Problem 4-2


Given, an array of size $n$ with distinct elements such that for each element $i, 0\leq A[i] \leq n$. Note that the array should be missing an integer from range [$0,n$], as the array has size $n$ and the range has $n+1$ elements. The only way to access elements is through function bit_access(int * A, int i, int j) which returns the $j^{th}$ bit of element $i$ in array $A$.

We have to find out the missing number in $O(n)$ time.

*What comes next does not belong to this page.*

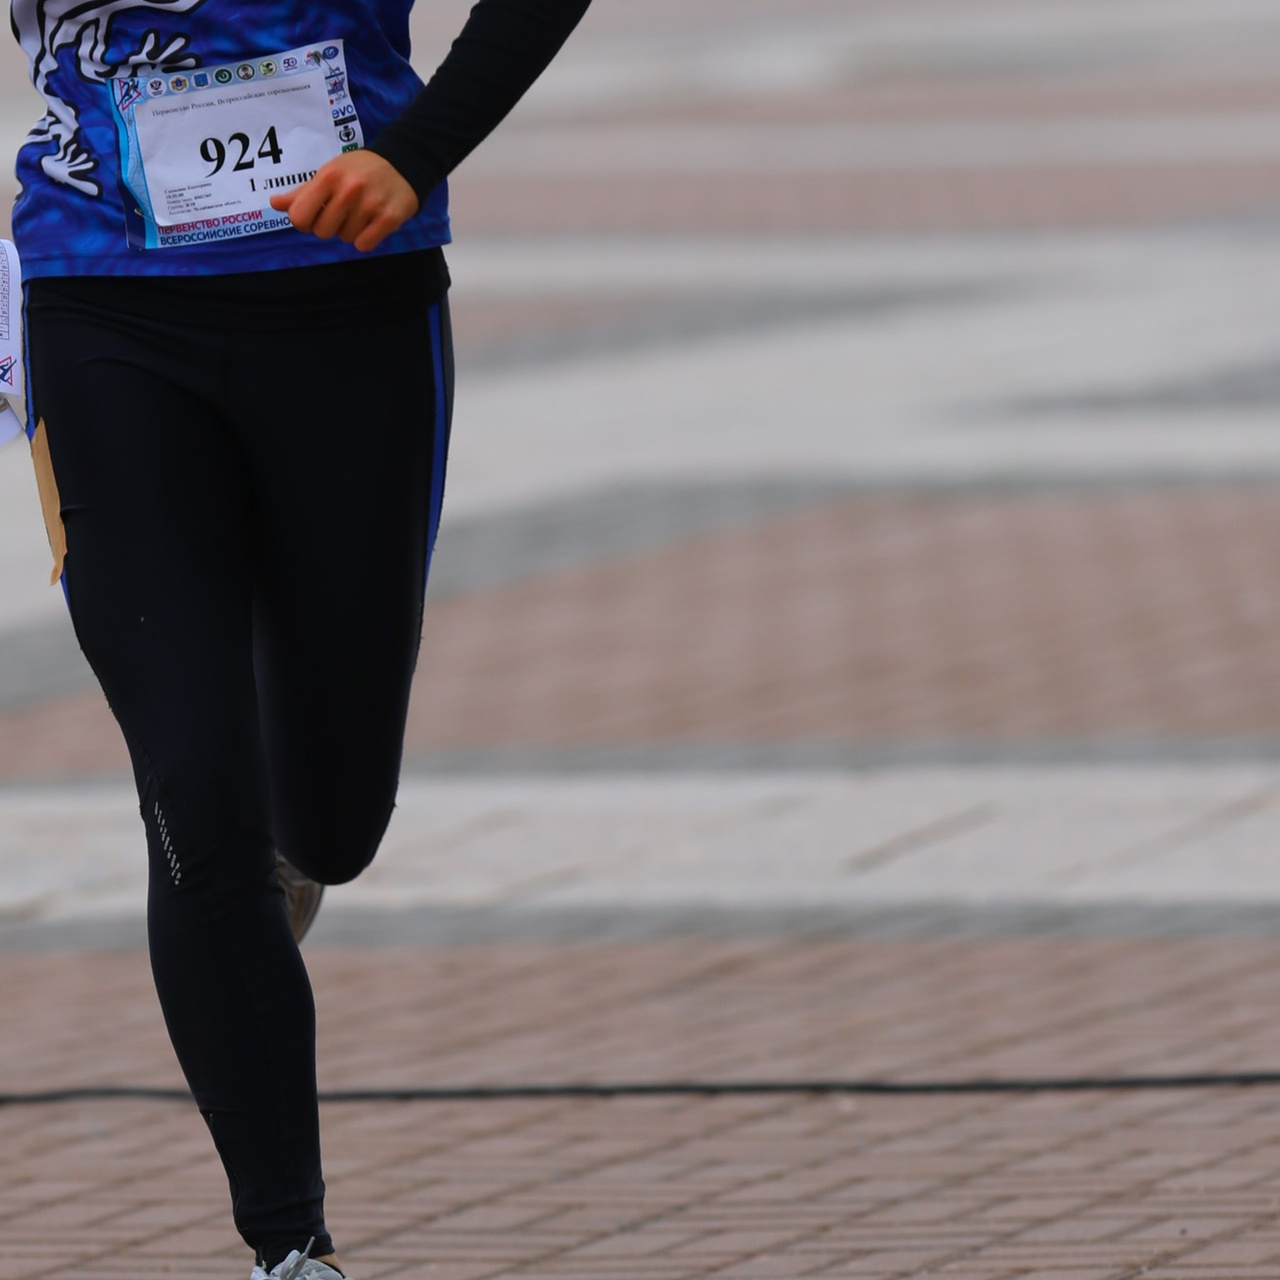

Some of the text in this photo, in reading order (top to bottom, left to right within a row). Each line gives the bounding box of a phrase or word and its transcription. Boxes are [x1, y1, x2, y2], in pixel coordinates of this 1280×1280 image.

Let $b^{th}$ bit be the most significant set bit of n. What we observe is that the elements of $A$ could be divided into two sets, based on the $b^{th}$ bit of those elements. Those which have the bit set, and those which don’t. We know that number of elements with $b^{th}$ bit 0 should be $2^{b-1}$. And the remaining elements would have the bit set. If the number of 0’s doesn’t match the expected count, then the missing element has its $b^{th}$ bit as 0, otherwise its 1. The algorithm works on this observation by first partitioning the array according to $b^{th}$ bit and then applying the same logic recursively on the sub-array which has the element missing from the range.

Here’s the code for partition and recursive search of solution.

Tail recursion is optimized away. The above recursion is $T(n) = T(n/2) + O(n)$, which solves to $O(n)$, hence a solution for the problem.